> **Problem details**:
Word for word, write the records out again, but omit each picture.

=== Section Start ===

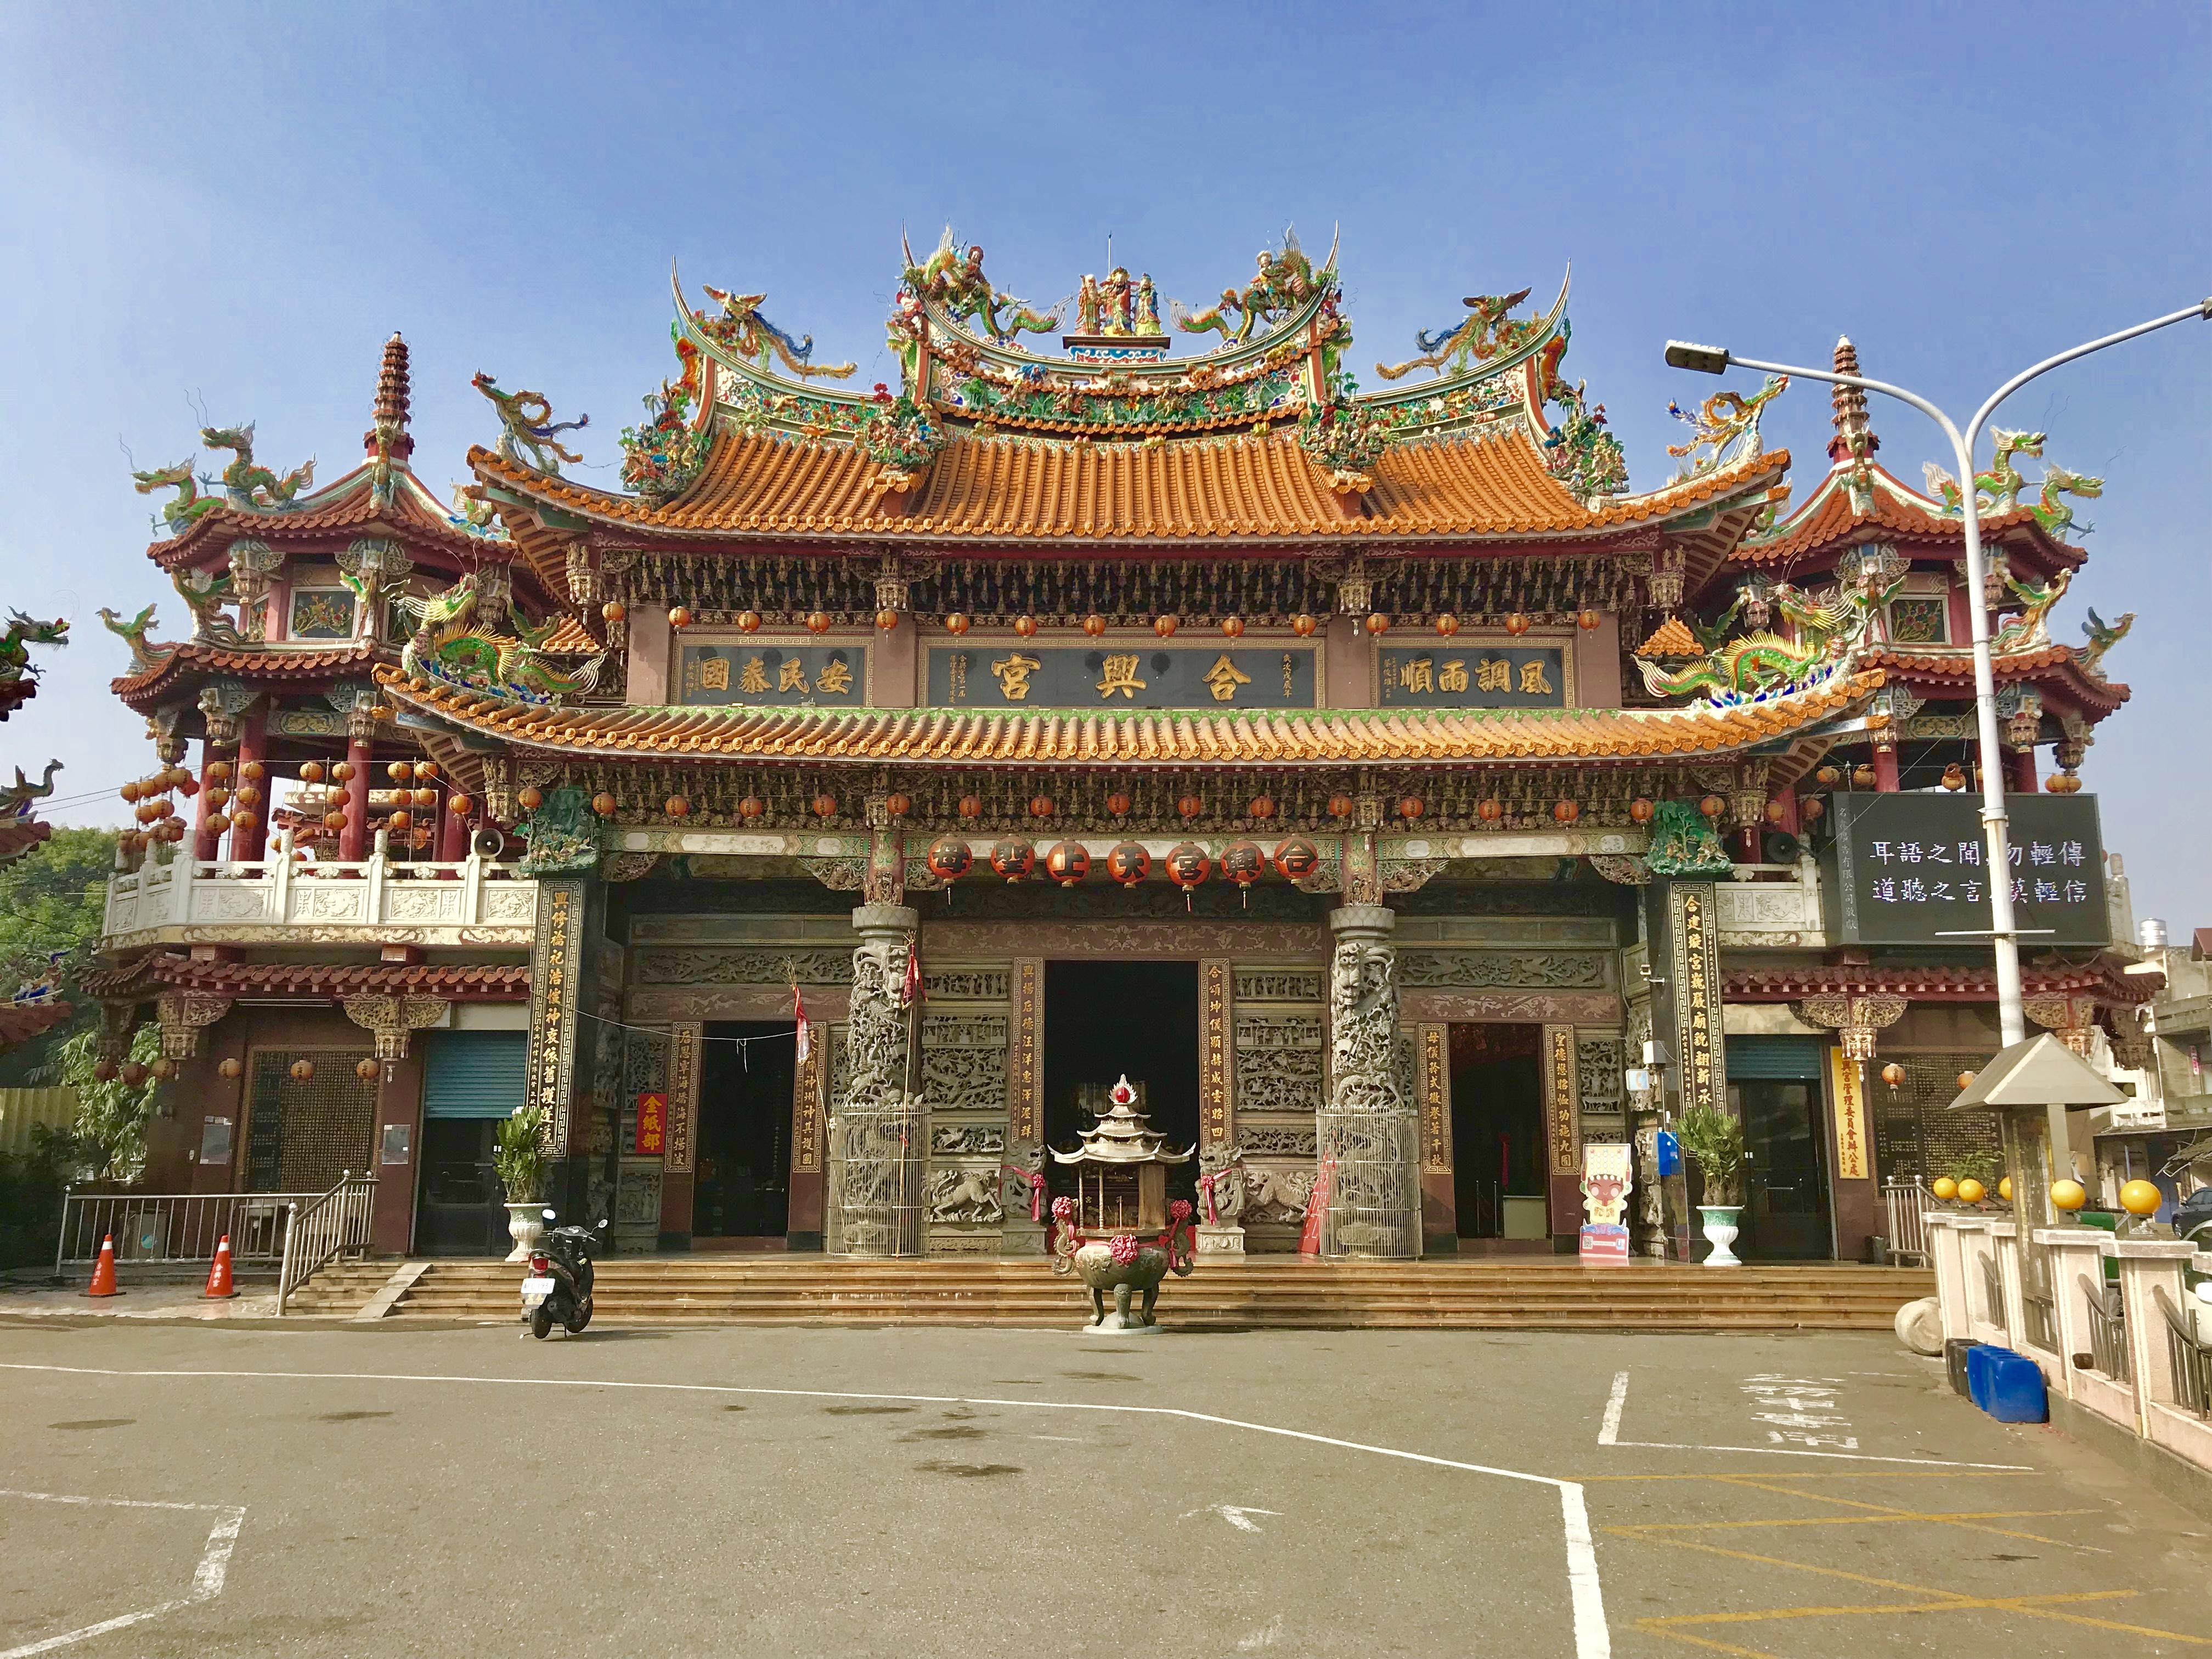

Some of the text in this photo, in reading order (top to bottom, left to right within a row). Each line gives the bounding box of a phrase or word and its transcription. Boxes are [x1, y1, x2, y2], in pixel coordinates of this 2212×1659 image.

[991, 652, 1252, 701] 合興宮
[1400, 658, 1553, 695] 風調雨順
[1020, 964, 1035, 1138] 興揚后德汪洋惠澤渥群
[1209, 966, 1223, 1137] 合頌坤儀顯赫威靈昭四
[641, 1095, 663, 1151] 金紙部
[1841, 1056, 1860, 1177] 興宮管理委員會辦公處
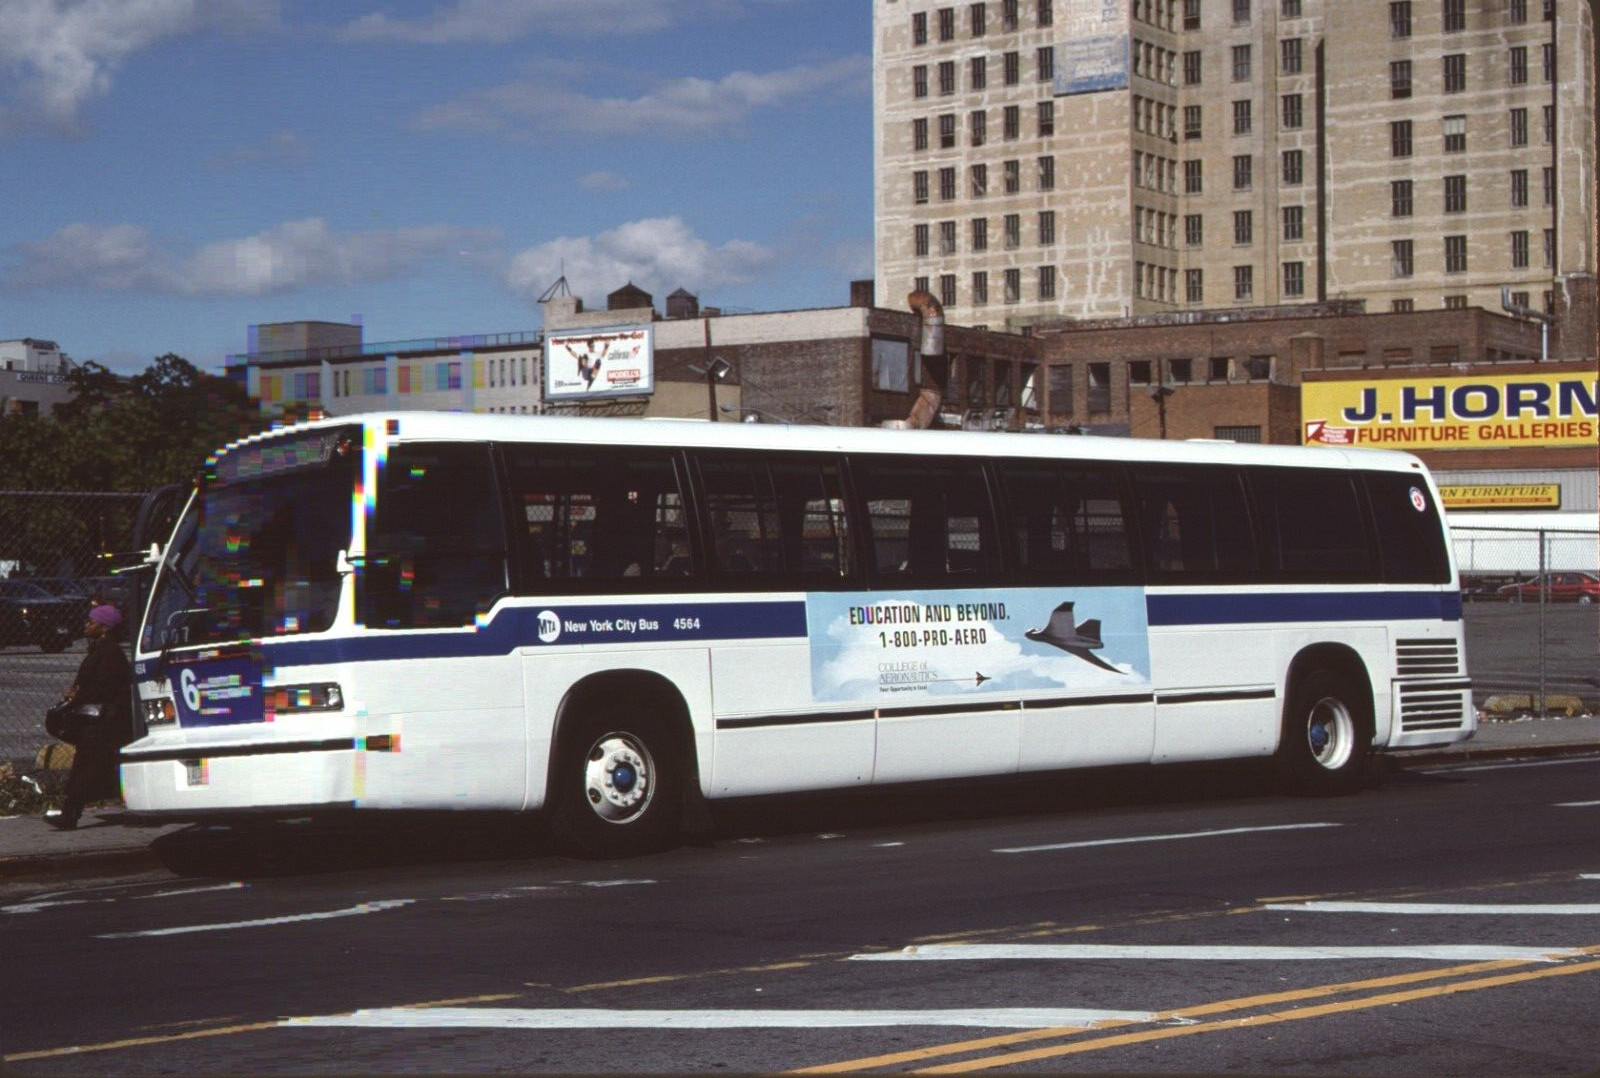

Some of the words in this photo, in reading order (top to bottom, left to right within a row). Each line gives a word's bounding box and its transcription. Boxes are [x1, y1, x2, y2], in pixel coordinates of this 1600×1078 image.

=== Section End ===

> **Final answer**:
Some of the text in this photo, in reading order (top to bottom, left to right within a row). Each line gives the bounding box of a phrase or word and its transcription. Boxes are [x1, y1, x2, y2], in pixel coordinates of this 2212×1659 image.

[991, 652, 1252, 701] 合興宮
[1400, 658, 1553, 695] 風調雨順
[1020, 964, 1035, 1138] 興揚后德汪洋惠澤渥群
[1209, 966, 1223, 1137] 合頌坤儀顯赫威靈昭四
[641, 1095, 663, 1151] 金紙部
[1841, 1056, 1860, 1177] 興宮管理委員會辦公處

Some of the words in this photo, in reading order (top to bottom, left to right within a row). Each line gives a word's bounding box and its transcription. Boxes are [x1, y1, x2, y2], in pixel coordinates of this 1600×1078 image.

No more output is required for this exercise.